# [WHAT YOU ARE ASKED TO DO]
Retype the records below exactly as they stand, but with no images.

# [DATA RECORDS]
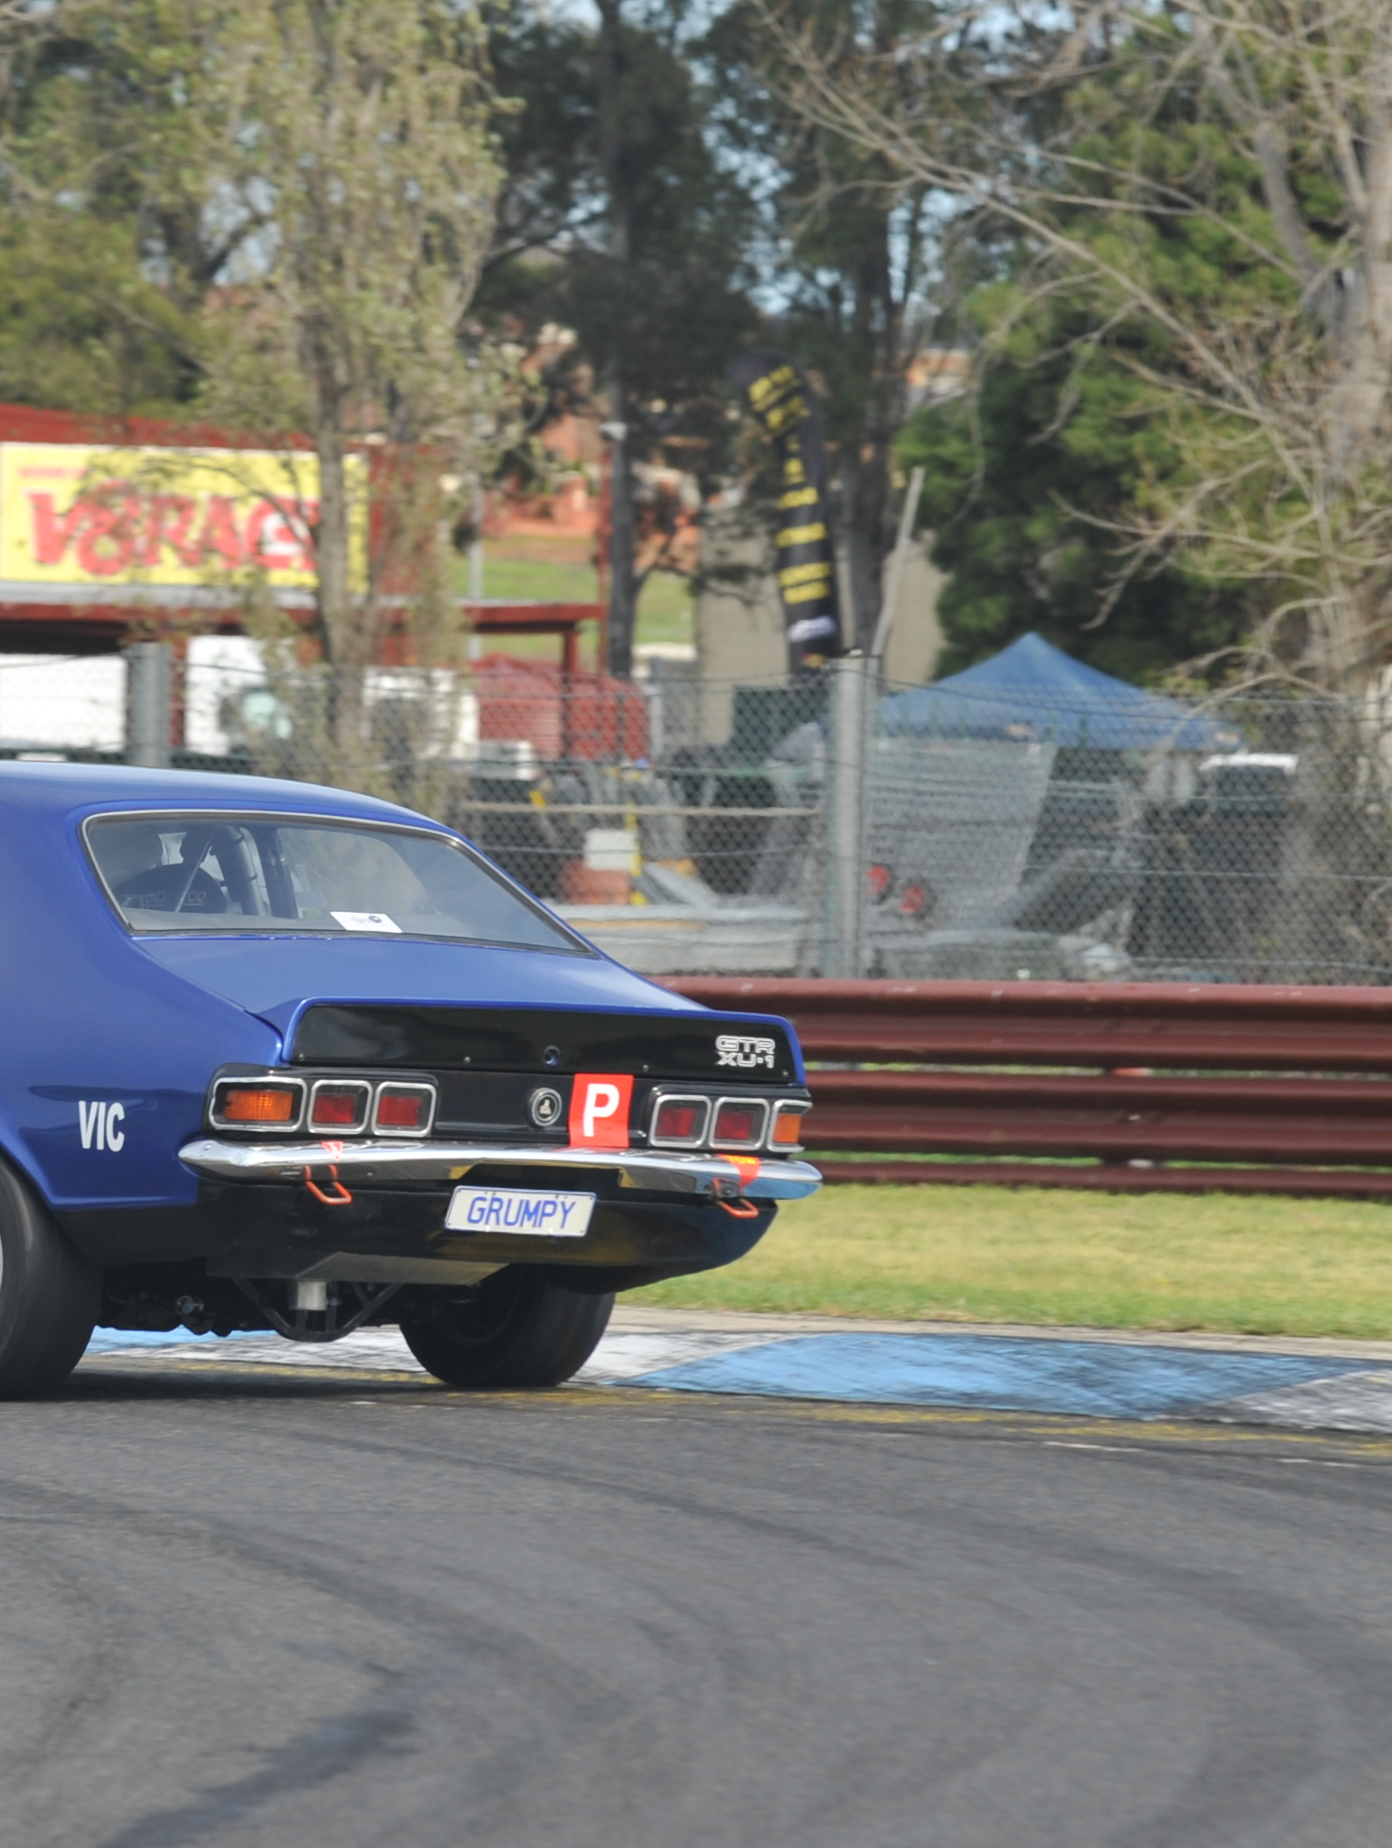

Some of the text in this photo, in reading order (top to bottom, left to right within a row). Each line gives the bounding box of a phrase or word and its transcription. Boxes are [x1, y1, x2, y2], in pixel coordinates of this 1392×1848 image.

[715, 1034, 776, 1054] GTR
[78, 1100, 126, 1152] VIC
[582, 1083, 620, 1138] P
[467, 1196, 577, 1230] GRUMPY
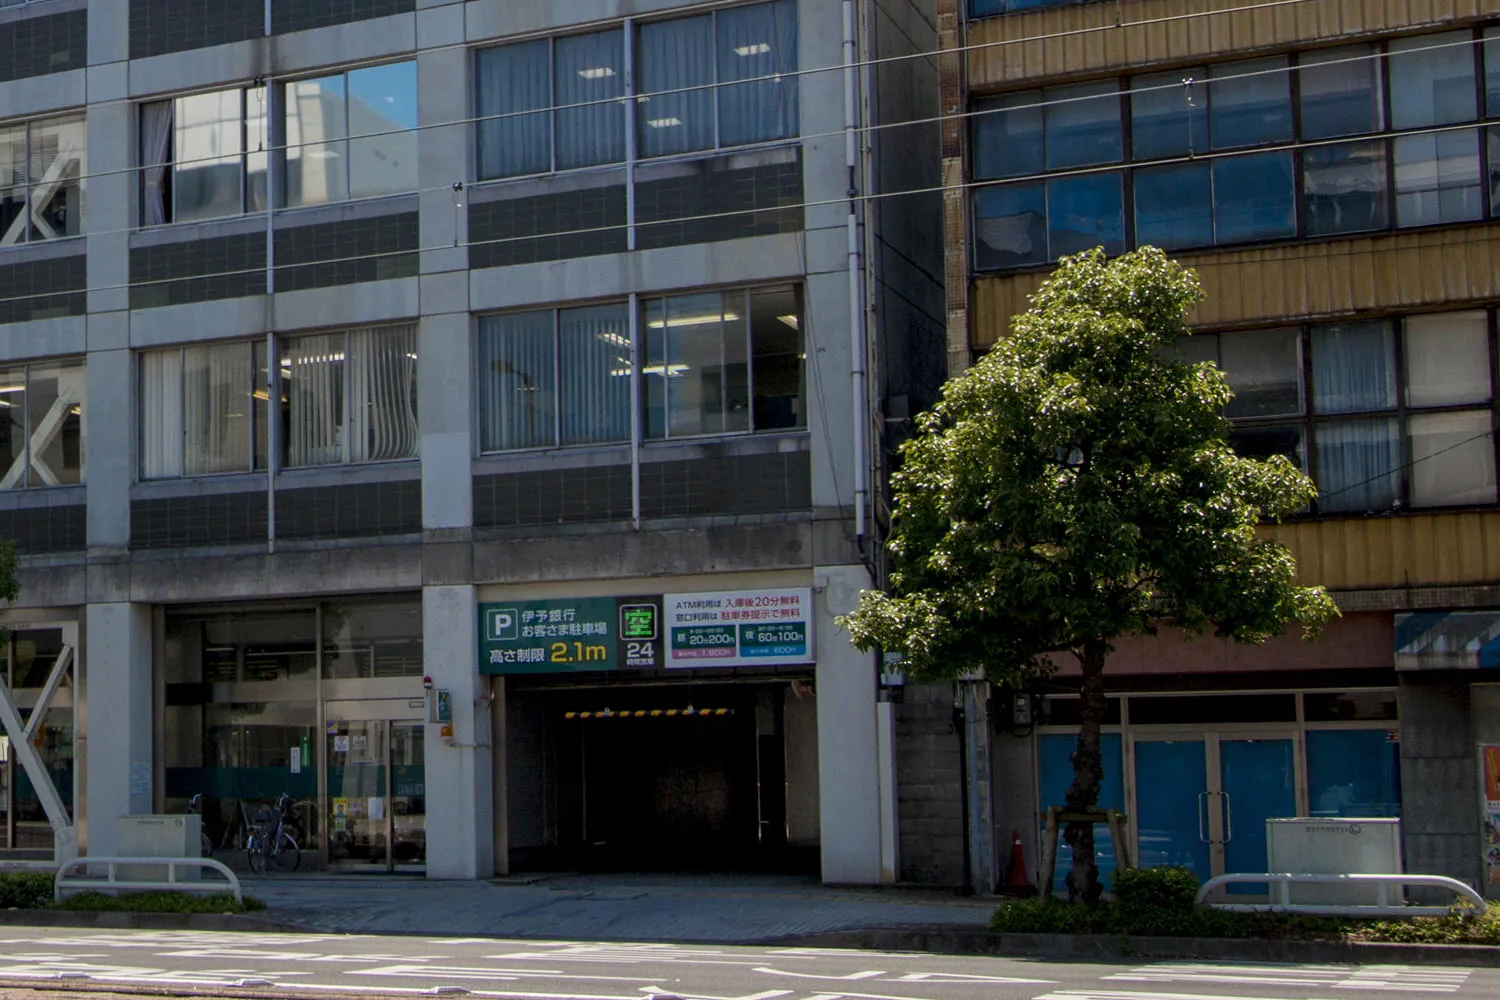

# [OUTPUT]
Some of the text in this photo, in reading order (top to bottom, left to right within a row). Each line gives the bounding box of a phrase or word and its transcription. Boxes are [x1, y1, x2, y2], in pixel coordinates of this 1392×1848 image.

[715, 1034, 776, 1054] GTR
[78, 1100, 126, 1152] VIC
[582, 1083, 620, 1138] P
[467, 1196, 577, 1230] GRUMPY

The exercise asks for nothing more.